Each record below should be output verbatim, without pictures.

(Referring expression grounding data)
★ ★ ★ ★ ★
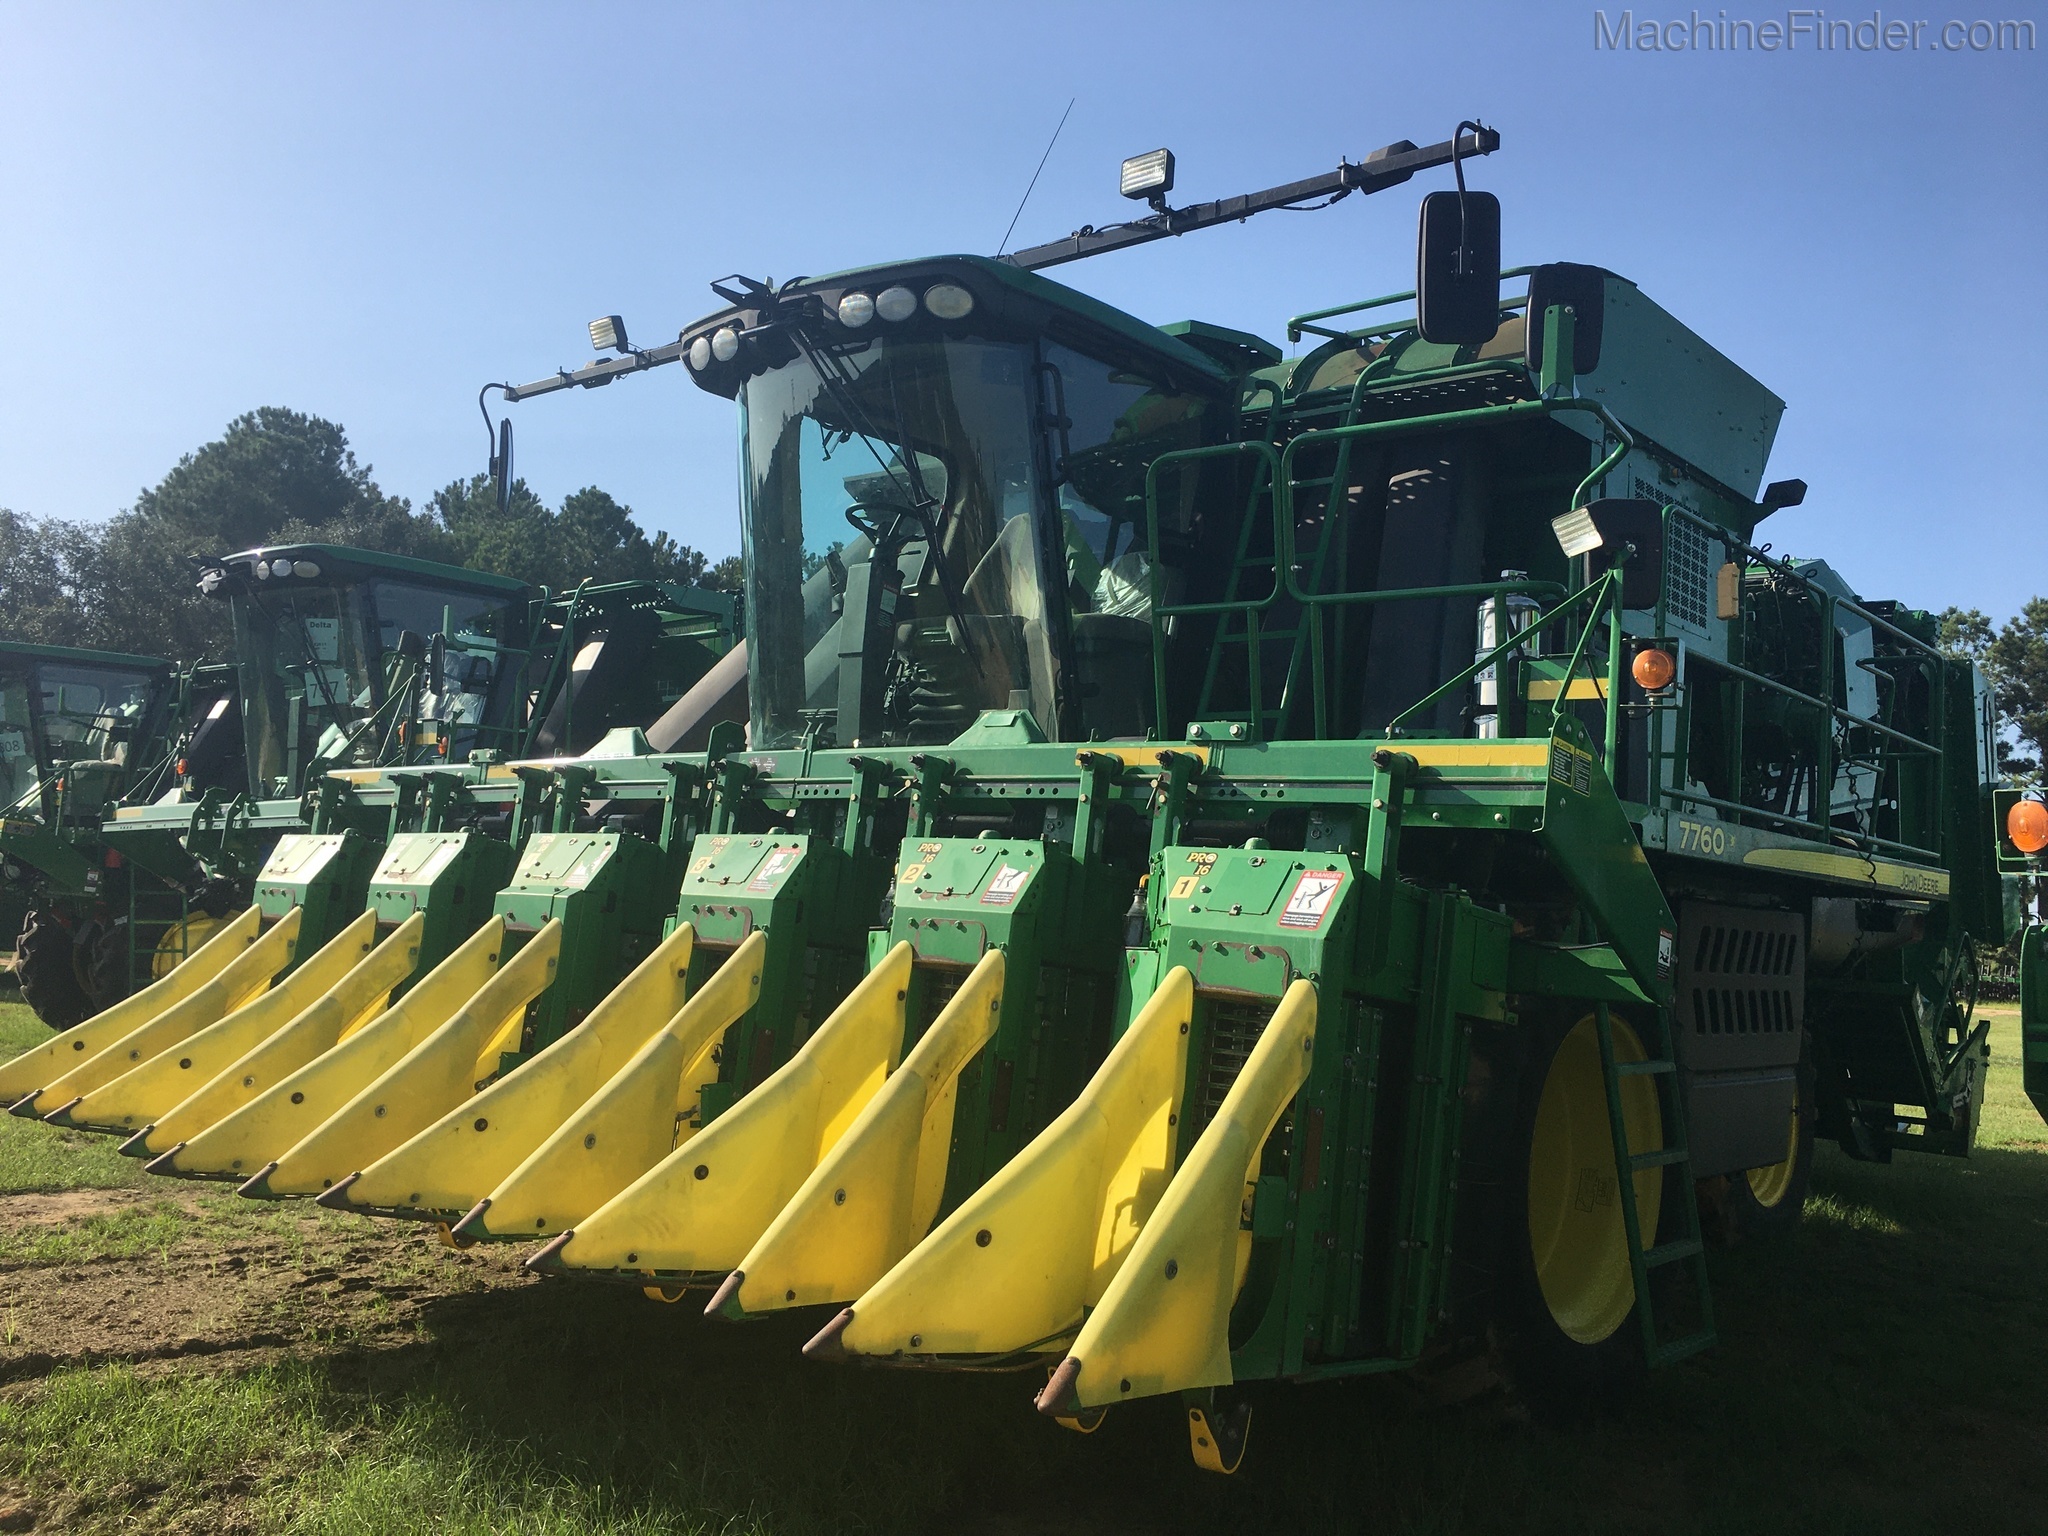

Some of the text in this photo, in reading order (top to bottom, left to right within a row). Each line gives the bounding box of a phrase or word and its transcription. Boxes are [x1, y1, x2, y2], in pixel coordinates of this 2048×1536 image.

[310, 621, 332, 629] Delta
[309, 681, 339, 699] 77
[1680, 820, 1725, 856] 7760
[917, 843, 942, 853] PRO
[922, 854, 936, 864] 16
[1186, 852, 1218, 864] PRO
[694, 859, 708, 871] 3
[1194, 864, 1212, 876] 16
[904, 867, 919, 881] 2
[1311, 871, 1343, 879] DANGER
[1179, 879, 1191, 895] 1
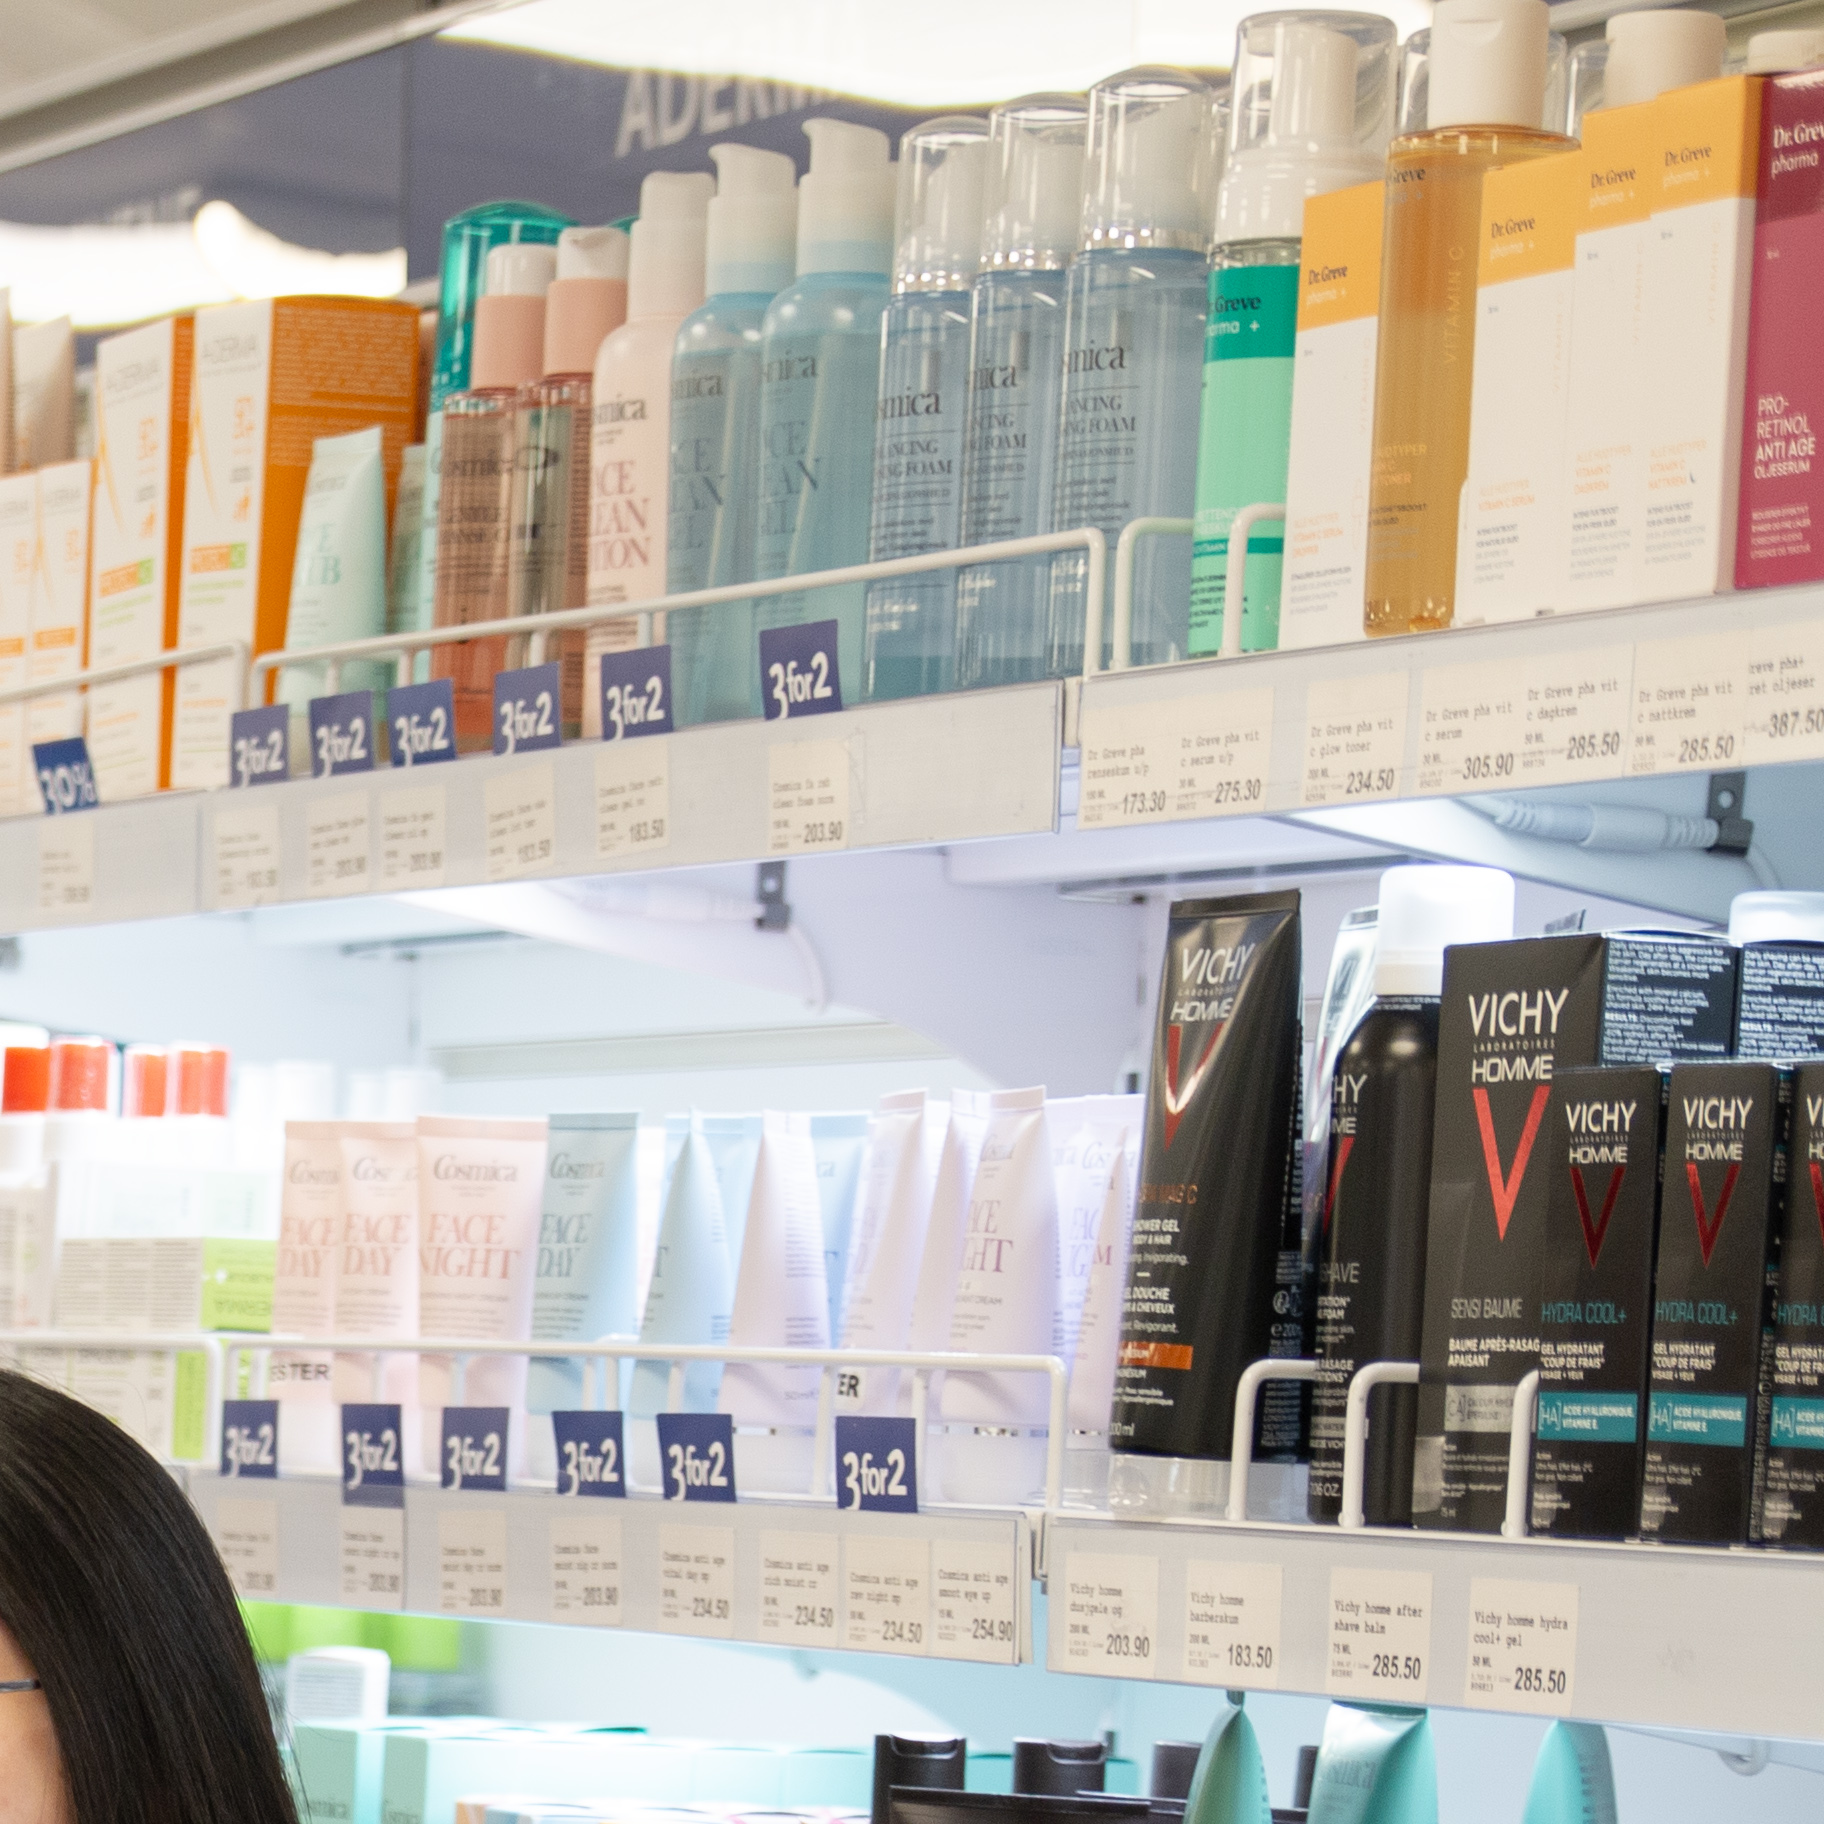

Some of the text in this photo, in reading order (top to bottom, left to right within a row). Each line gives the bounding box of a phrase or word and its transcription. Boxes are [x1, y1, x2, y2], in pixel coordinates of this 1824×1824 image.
★ ★ ★ ★ ★
### [FINAL ANSWER]
Some of the text in this photo, in reading order (top to bottom, left to right within a row). Each line gives the bounding box of a phrase or word and its transcription. Boxes are [x1, y1, x2, y2], in pixel coordinates of this 2048×1536 image.

[310, 621, 332, 629] Delta
[309, 681, 339, 699] 77
[1680, 820, 1725, 856] 7760
[917, 843, 942, 853] PRO
[922, 854, 936, 864] 16
[1186, 852, 1218, 864] PRO
[694, 859, 708, 871] 3
[1194, 864, 1212, 876] 16
[904, 867, 919, 881] 2
[1311, 871, 1343, 879] DANGER
[1179, 879, 1191, 895] 1

Some of the text in this photo, in reading order (top to bottom, left to right within a row). Each line gives the bounding box of a phrase or word and its transcription. Boxes are [x1, y1, x2, y2], in pixel coordinates of this 1824×1824 image.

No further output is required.